Use this simple roadmap to understand the next safe steps. It is educational and does not replace examination by a doctor.

Go to emergency care if you notice:
  • Severe or rapidly worsening symptoms
  • Breathing difficulty, chest pain, fainting, confusion, severe weakness, major injury, or severe dehydration
Doctor / service to discuss: Qualified healthcare provider; specialist depends on symptoms and examination.
  1. Step 1

    Check danger signs first

    If danger signs are present, seek emergency care and do not wait for online information.

  2. Step 2

    Record the symptom story

    Write when symptoms started, severity, medicines already taken, allergies, pregnancy status, and test results.

  3. Step 3

    Visit a qualified clinician

    A doctor, nurse, or qualified healthcare provider can examine you and decide which tests or treatment are needed.

  4. Step 4

    Do only useful tests

    Do tests after clinical assessment.

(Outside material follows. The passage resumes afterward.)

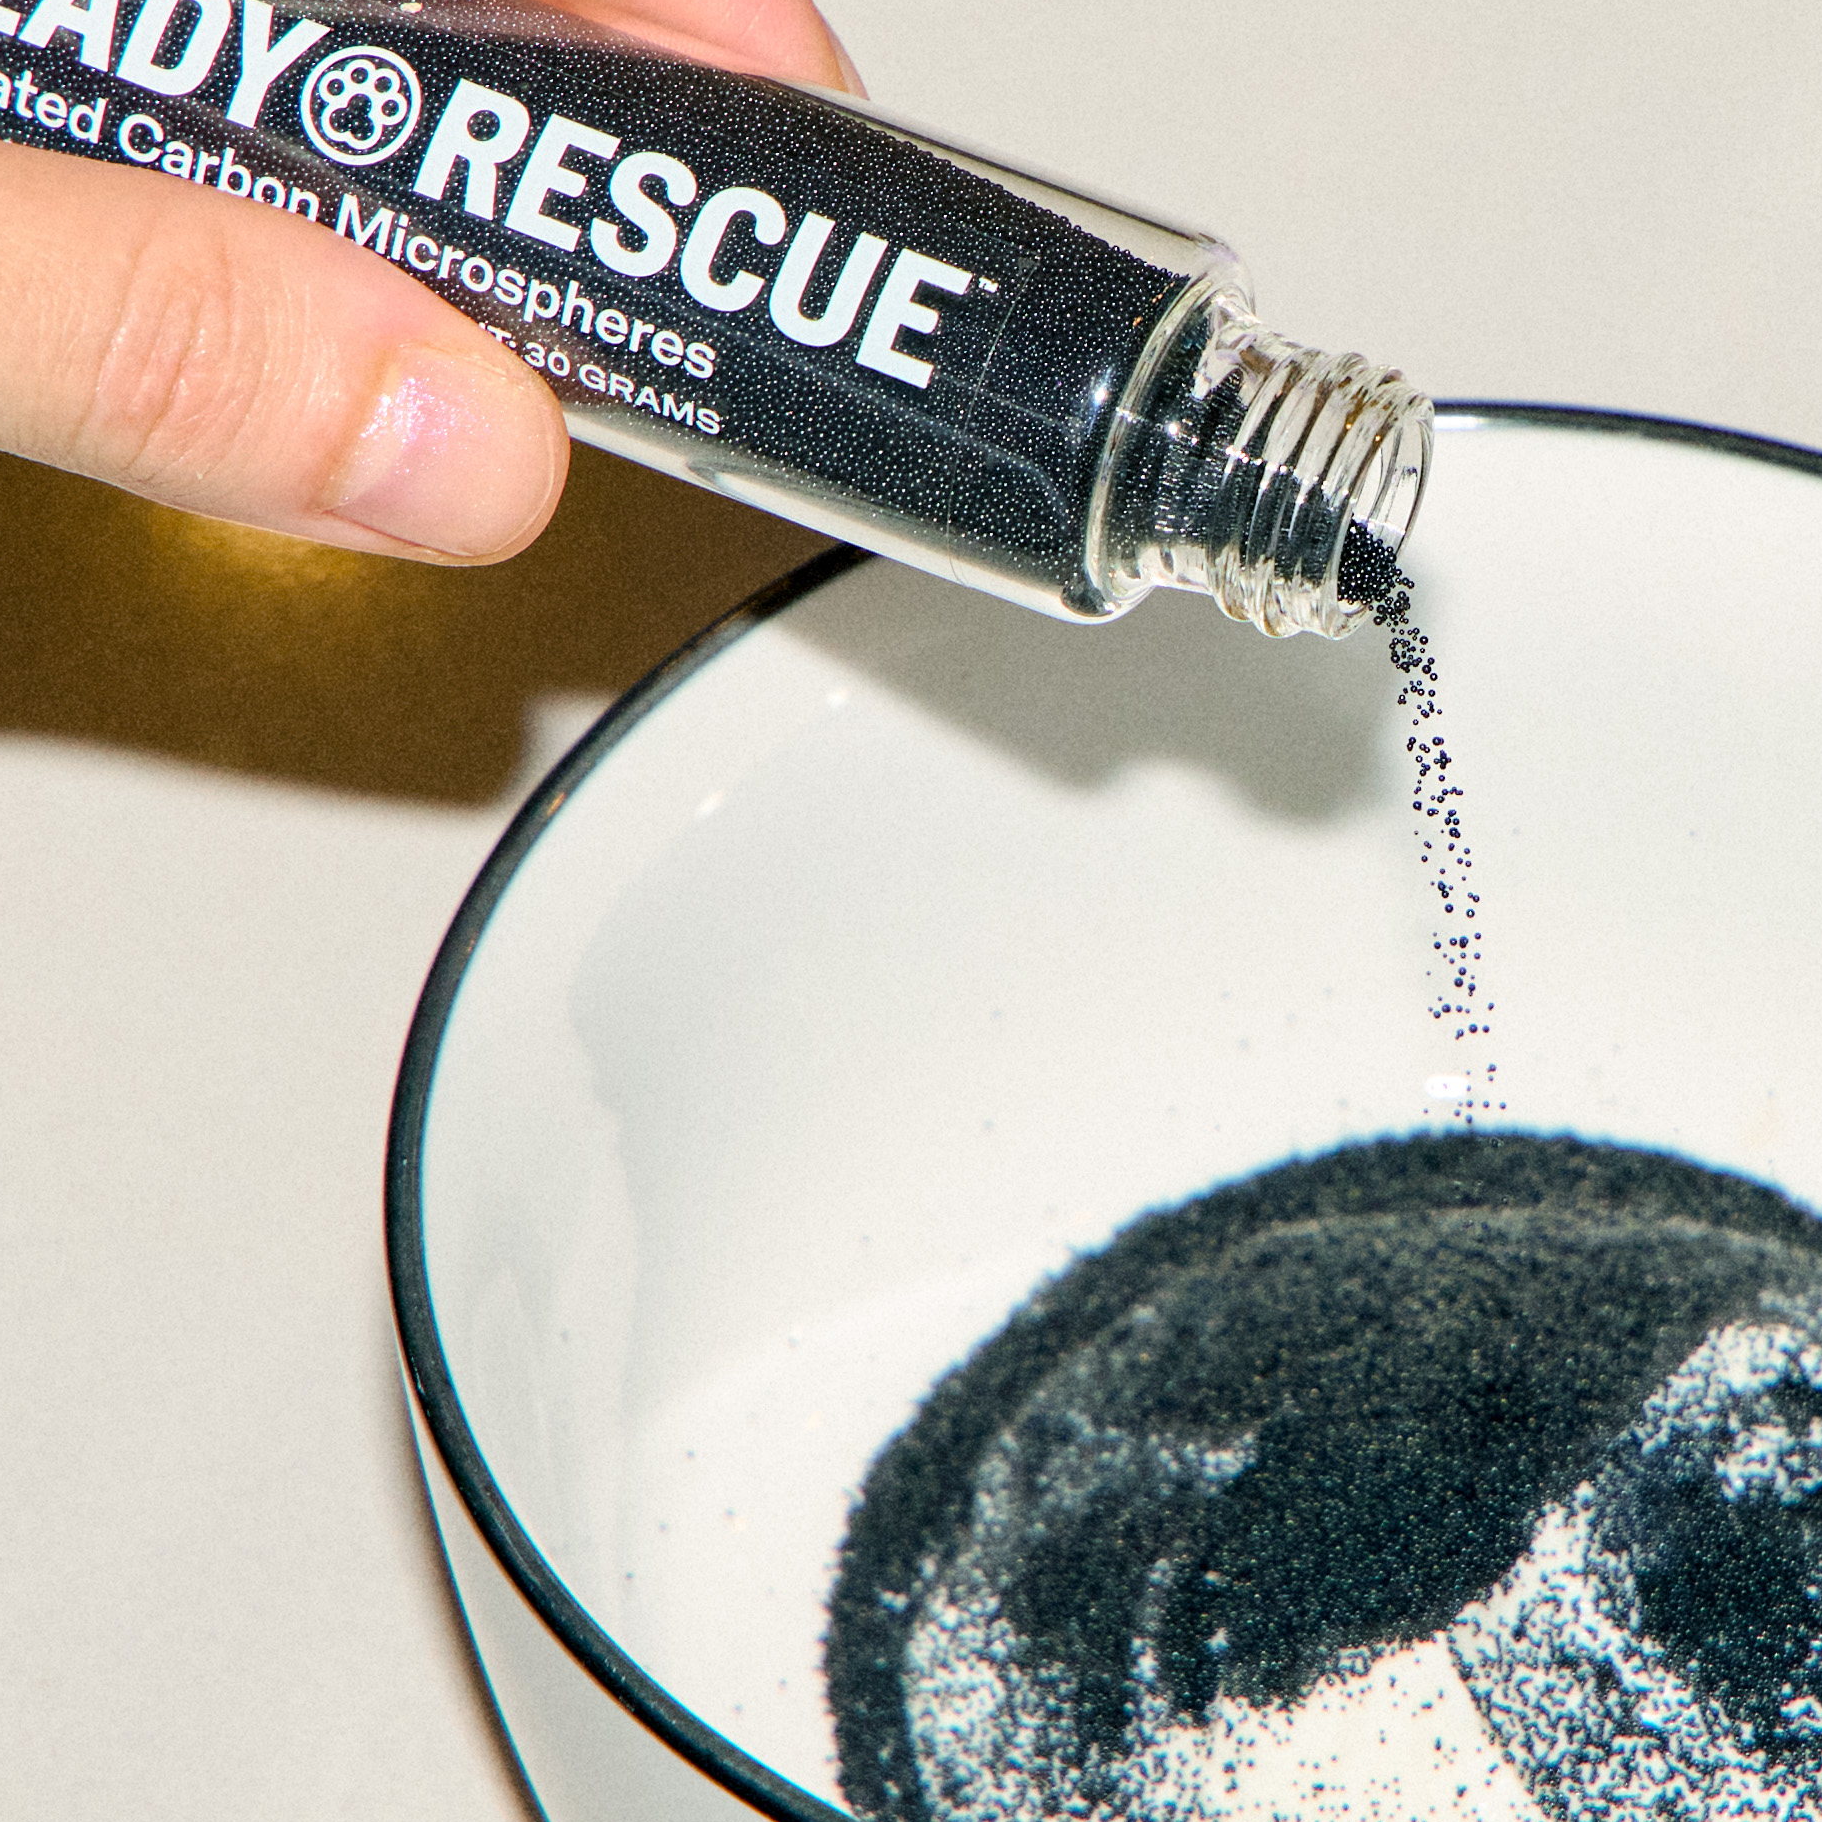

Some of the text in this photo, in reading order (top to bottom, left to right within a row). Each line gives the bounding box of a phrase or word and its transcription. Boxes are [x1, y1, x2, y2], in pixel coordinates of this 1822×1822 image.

[117, 112, 321, 223] Carbon
[335, 193, 717, 380] Microspheres
[524, 338, 721, 436] 30 GRAMS

Avoid unnecessary tests, random antibiotics, or repeated medicines without diagnosis.

  5. Step 5

    Follow up and return early if worse

    If symptoms worsen, new warning signs appear, or treatment is not helping, return for review quickly.

Rural patient practical tips
  • Take a written symptom diary and all previous prescriptions/test reports.
  • Do not hide medicines already taken, even herbal or over-the-counter medicines.
  • Ask which warning signs mean urgent referral to hospital.

This roadmap is for education. A real diagnosis and treatment plan requires history, examination, and clinical judgment.